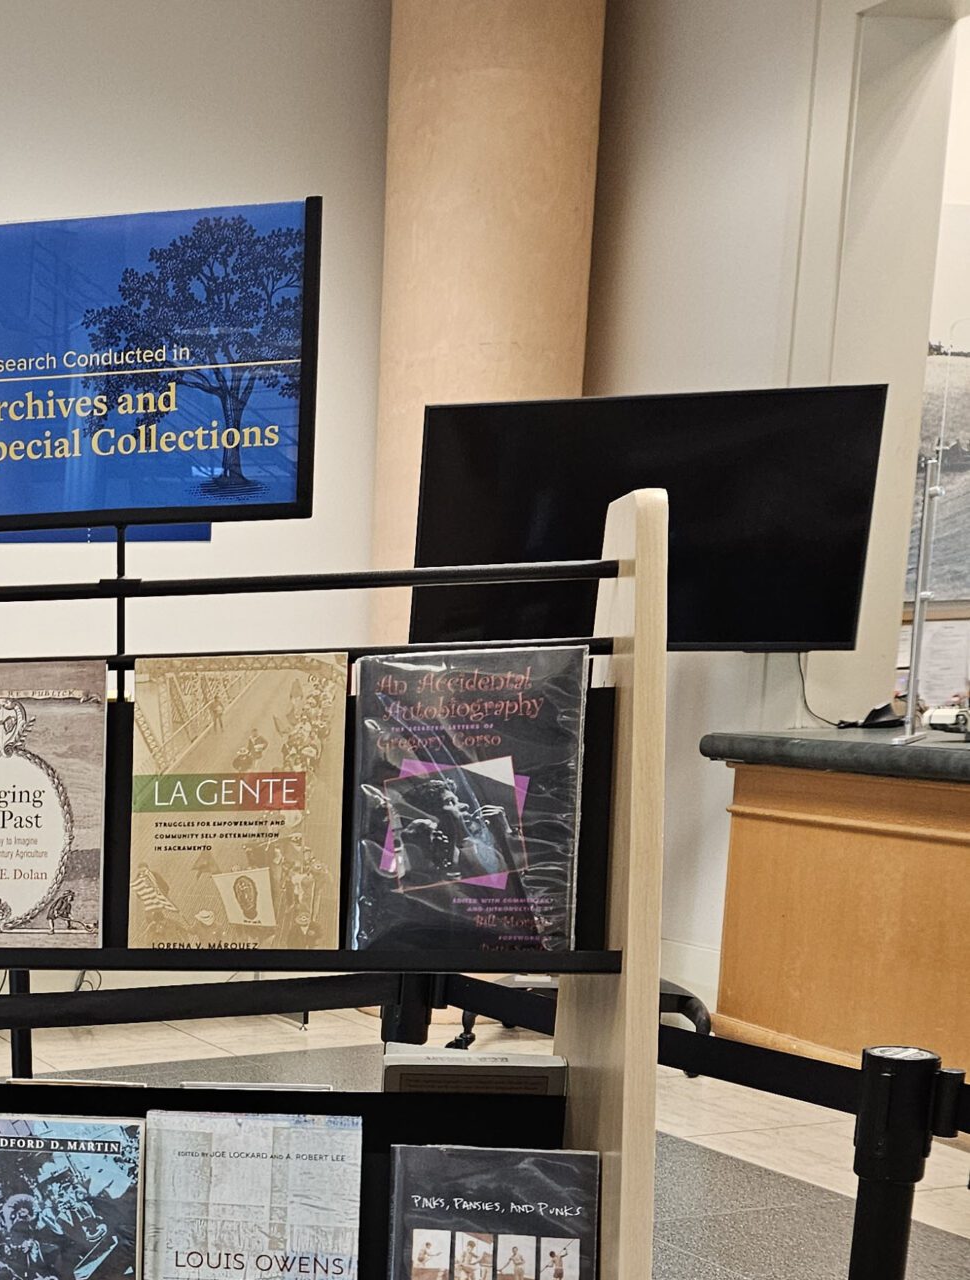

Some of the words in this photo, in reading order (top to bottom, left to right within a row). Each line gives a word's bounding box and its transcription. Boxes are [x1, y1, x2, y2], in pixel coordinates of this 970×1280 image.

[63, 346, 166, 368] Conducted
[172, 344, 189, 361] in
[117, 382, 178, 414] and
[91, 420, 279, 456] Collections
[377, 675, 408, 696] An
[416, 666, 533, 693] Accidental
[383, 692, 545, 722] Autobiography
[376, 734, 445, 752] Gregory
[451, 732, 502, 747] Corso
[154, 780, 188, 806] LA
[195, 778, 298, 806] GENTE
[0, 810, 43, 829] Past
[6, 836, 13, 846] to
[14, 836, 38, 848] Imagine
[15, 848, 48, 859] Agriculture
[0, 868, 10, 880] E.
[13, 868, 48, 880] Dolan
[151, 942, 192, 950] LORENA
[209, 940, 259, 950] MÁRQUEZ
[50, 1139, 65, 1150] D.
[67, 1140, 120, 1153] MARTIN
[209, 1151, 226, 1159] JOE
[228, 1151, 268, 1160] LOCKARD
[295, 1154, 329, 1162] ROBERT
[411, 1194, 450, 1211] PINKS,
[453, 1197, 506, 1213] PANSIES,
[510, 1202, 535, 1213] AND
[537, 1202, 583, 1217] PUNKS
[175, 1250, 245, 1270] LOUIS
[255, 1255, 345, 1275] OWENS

┄┄┄┄┄┄┄┄┄┄┄┄┄┄┄┄┄┄┄┄

● ACTION ITEM: With the images removed, reproduce all the material above word for word.

● SOLVED PROBLEM:
Some of the words in this photo, in reading order (top to bottom, left to right within a row). Each line gives a word's bounding box and its transcription. Boxes are [x1, y1, x2, y2], in pixel coordinates of this 970×1280 image.

[63, 346, 166, 368] Conducted
[172, 344, 189, 361] in
[117, 382, 178, 414] and
[91, 420, 279, 456] Collections
[377, 675, 408, 696] An
[416, 666, 533, 693] Accidental
[383, 692, 545, 722] Autobiography
[376, 734, 445, 752] Gregory
[451, 732, 502, 747] Corso
[154, 780, 188, 806] LA
[195, 778, 298, 806] GENTE
[0, 810, 43, 829] Past
[6, 836, 13, 846] to
[14, 836, 38, 848] Imagine
[15, 848, 48, 859] Agriculture
[0, 868, 10, 880] E.
[13, 868, 48, 880] Dolan
[151, 942, 192, 950] LORENA
[209, 940, 259, 950] MÁRQUEZ
[50, 1139, 65, 1150] D.
[67, 1140, 120, 1153] MARTIN
[209, 1151, 226, 1159] JOE
[228, 1151, 268, 1160] LOCKARD
[295, 1154, 329, 1162] ROBERT
[411, 1194, 450, 1211] PINKS,
[453, 1197, 506, 1213] PANSIES,
[510, 1202, 535, 1213] AND
[537, 1202, 583, 1217] PUNKS
[175, 1250, 245, 1270] LOUIS
[255, 1255, 345, 1275] OWENS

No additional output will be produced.